**REQUIRED WORK:** Your task is to restate every entry below word for word and omit the images.

Stored entries:
-- Opening Marker --

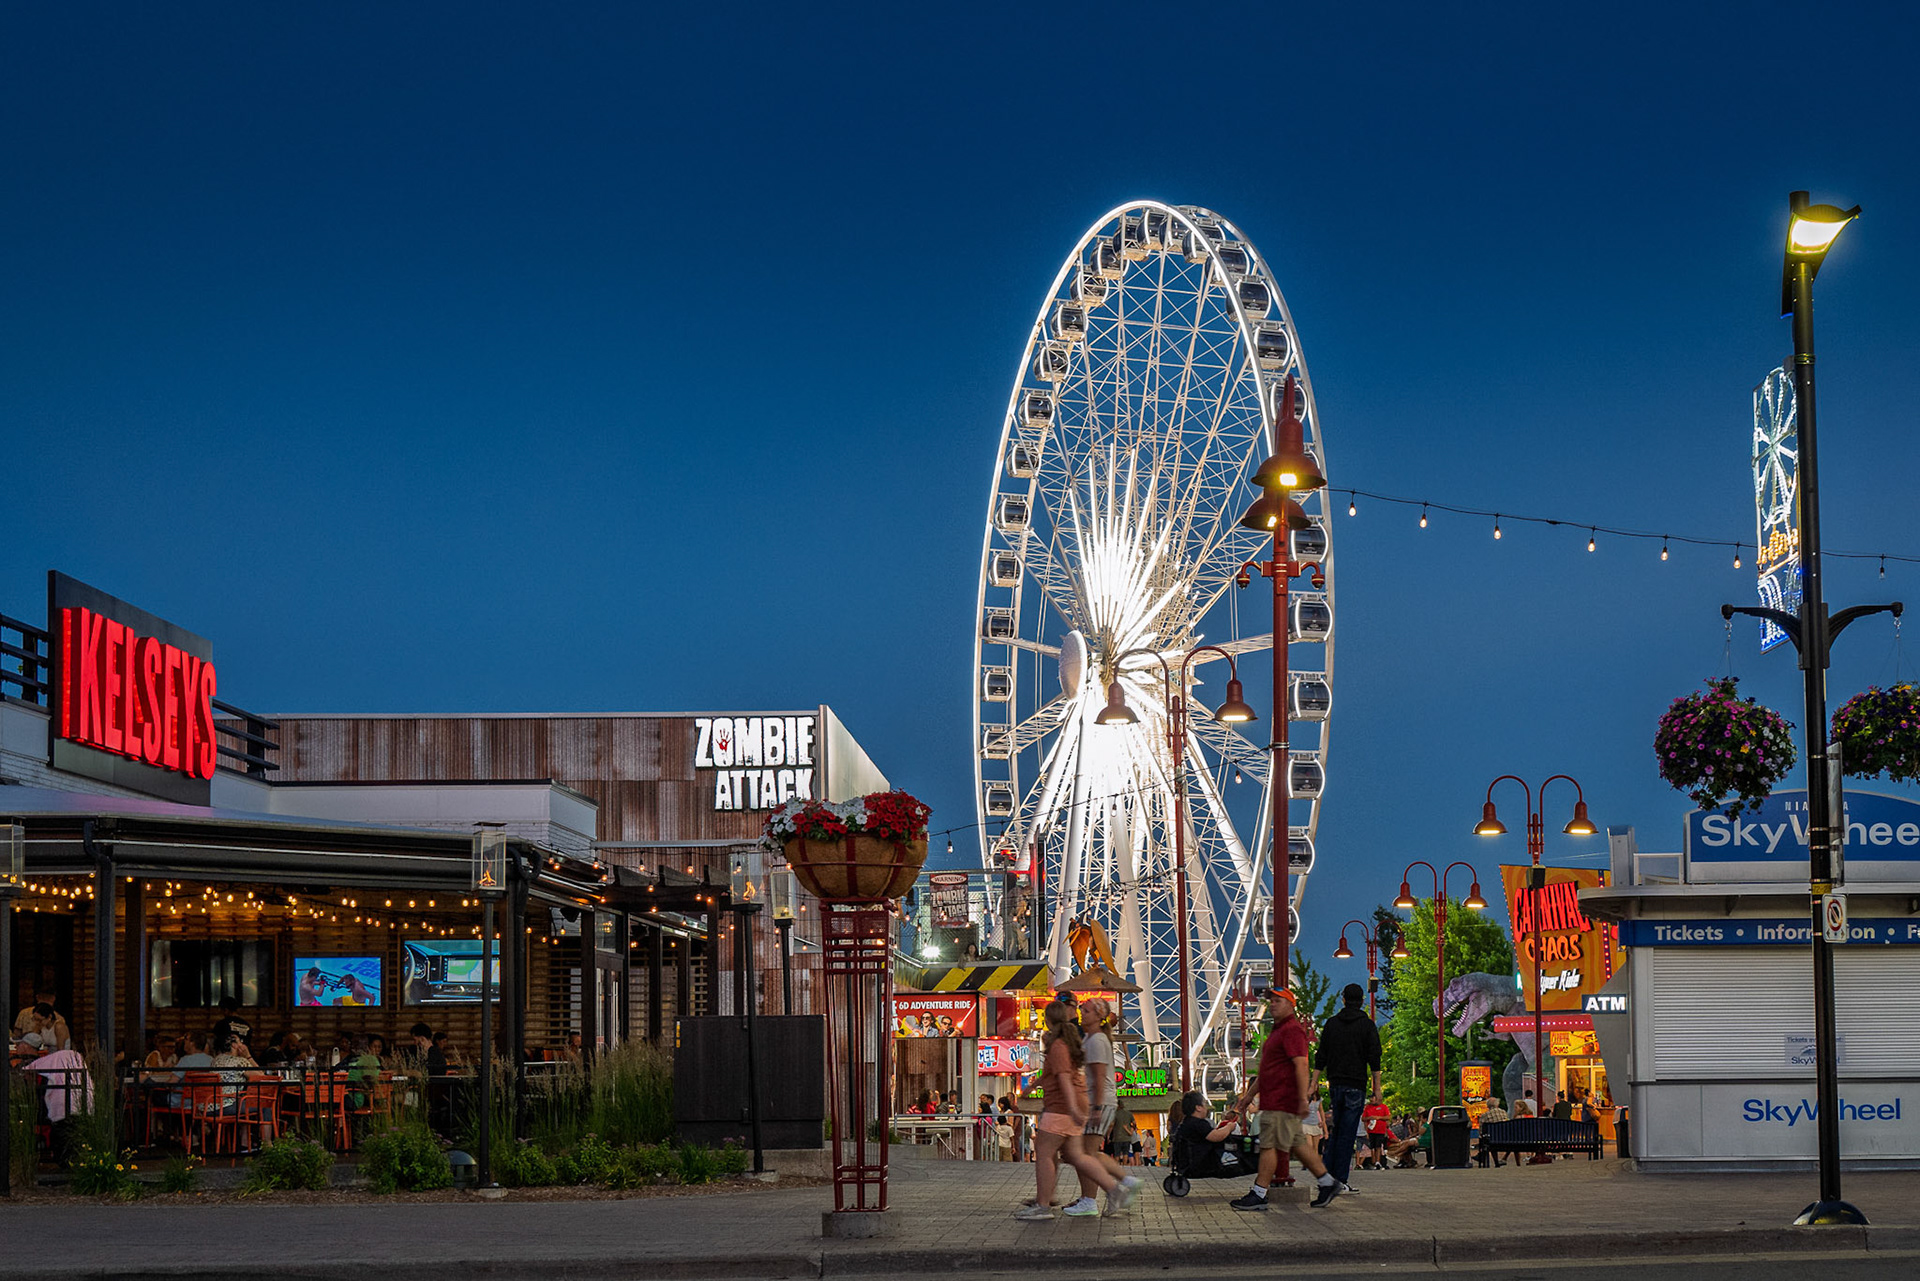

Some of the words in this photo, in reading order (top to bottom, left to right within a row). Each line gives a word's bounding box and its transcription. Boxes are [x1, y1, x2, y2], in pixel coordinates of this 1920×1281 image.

[79, 606, 217, 780] KELSEYS
[695, 716, 814, 767] ZOMBIE
[715, 768, 814, 810] ATTACK
[1785, 801, 1849, 811] NIAA
[931, 889, 966, 907] ZOMBIE
[1513, 881, 1592, 942] CANIVAL
[1654, 925, 1724, 940] Tickets
[898, 1001, 909, 1010] 6D
[910, 1001, 953, 1010] ADVENTURE
[954, 1000, 971, 1009] RIDE
[1586, 996, 1625, 1011] ATM
[978, 1049, 995, 1062] CEE
[1116, 1088, 1148, 1097] ENTURE
[1148, 1087, 1169, 1096] GOLF

-- Closing Marker --

**RESULT:**
Some of the words in this photo, in reading order (top to bottom, left to right within a row). Each line gives a word's bounding box and its transcription. Boxes are [x1, y1, x2, y2], in pixel coordinates of this 1920×1281 image.

[79, 606, 217, 780] KELSEYS
[695, 716, 814, 767] ZOMBIE
[715, 768, 814, 810] ATTACK
[1785, 801, 1849, 811] NIAA
[931, 889, 966, 907] ZOMBIE
[1513, 881, 1592, 942] CANIVAL
[1654, 925, 1724, 940] Tickets
[898, 1001, 909, 1010] 6D
[910, 1001, 953, 1010] ADVENTURE
[954, 1000, 971, 1009] RIDE
[1586, 996, 1625, 1011] ATM
[978, 1049, 995, 1062] CEE
[1116, 1088, 1148, 1097] ENTURE
[1148, 1087, 1169, 1096] GOLF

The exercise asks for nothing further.